The Case for Bone Broth

Bone broth has been used for its medicinal properties for centuries across multiple cultures.  It has now become more mainstream in Western culture for its known health benefits. In our clinic we often recommend bone broth to our fertility and pregnant patients. You may be wondering why we love this medicinal stock so much, so let's explore its benefits.

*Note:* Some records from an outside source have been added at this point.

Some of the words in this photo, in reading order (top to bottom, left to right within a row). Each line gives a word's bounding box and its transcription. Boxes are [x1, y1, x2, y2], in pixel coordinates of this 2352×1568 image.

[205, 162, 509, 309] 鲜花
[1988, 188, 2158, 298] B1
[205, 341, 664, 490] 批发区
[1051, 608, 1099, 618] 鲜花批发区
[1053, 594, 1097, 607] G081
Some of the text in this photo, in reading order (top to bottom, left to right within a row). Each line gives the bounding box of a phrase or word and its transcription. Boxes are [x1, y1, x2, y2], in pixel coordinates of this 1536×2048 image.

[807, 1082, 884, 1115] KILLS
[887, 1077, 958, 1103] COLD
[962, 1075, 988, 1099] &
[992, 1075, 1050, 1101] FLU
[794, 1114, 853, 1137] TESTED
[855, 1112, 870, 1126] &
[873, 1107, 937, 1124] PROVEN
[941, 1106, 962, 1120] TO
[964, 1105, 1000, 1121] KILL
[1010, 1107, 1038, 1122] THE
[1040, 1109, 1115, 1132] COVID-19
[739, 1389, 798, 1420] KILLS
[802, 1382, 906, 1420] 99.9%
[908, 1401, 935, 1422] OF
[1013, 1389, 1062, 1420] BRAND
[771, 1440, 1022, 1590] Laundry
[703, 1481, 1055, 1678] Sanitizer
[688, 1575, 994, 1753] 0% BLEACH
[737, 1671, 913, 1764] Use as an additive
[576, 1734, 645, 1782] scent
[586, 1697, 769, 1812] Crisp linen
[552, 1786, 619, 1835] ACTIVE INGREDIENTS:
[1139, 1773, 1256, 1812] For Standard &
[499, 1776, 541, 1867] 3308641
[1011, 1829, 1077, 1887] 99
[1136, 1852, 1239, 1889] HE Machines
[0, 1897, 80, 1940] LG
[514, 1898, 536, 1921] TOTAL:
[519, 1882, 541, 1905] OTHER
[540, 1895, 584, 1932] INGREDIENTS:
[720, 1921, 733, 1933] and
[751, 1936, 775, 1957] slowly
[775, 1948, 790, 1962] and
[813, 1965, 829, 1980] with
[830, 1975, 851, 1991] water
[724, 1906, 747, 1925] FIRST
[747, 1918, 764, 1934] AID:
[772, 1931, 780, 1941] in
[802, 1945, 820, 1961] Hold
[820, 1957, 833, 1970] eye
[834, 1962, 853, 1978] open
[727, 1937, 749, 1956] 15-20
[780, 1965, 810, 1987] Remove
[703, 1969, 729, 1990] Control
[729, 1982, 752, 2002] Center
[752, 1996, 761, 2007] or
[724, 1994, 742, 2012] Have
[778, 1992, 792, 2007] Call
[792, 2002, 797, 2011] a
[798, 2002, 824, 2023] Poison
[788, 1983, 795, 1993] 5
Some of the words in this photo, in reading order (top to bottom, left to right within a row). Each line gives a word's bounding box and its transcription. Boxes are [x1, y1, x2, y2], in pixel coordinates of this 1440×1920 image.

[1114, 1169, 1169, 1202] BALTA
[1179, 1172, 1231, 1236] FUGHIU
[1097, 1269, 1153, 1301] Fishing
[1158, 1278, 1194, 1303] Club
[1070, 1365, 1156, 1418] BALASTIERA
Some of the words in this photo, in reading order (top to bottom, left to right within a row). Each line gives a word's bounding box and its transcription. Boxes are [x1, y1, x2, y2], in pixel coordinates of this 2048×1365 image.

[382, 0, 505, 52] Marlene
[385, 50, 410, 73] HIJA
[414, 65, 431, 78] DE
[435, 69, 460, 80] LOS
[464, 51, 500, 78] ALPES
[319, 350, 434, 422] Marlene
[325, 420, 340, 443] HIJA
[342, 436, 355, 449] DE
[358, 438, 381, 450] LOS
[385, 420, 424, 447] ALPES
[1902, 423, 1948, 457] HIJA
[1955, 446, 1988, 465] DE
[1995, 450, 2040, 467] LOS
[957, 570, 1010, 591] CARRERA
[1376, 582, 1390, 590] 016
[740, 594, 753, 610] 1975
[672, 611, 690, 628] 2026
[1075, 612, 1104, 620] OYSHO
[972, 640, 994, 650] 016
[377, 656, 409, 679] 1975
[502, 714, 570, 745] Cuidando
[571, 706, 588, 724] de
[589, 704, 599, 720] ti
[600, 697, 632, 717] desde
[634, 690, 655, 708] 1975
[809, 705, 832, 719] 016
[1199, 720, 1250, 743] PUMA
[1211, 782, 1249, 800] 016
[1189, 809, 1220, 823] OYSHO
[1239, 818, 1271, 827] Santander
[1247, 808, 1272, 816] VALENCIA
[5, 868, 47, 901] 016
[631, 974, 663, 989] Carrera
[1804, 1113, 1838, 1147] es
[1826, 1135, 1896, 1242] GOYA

Bone Broth and Chinese Medicine

According to Chinese medicine, we are born with Kidney Qi or “life essence” which is an important source of energy that we will need and use throughout our lives. Part of our Kidney Essence is known as “acquired” jing. Acquired jing is built from the food we take in and can always be replenished. The other portion of our life essence comes from “congenital” jing.  Congenital jing is what we inherit from our birth parents; it is also considered to be our familial genetics. Unlike acquired jing, we are born with a finite amount of congenital jing and we want it to last throughout our lifetime. When our jing is depleted, illness occurs, some examples being fatigue, chronic pain, depression, and infertility. We can not create more congenital jing but we can nourish and preserve it through a healthy lifestyle.     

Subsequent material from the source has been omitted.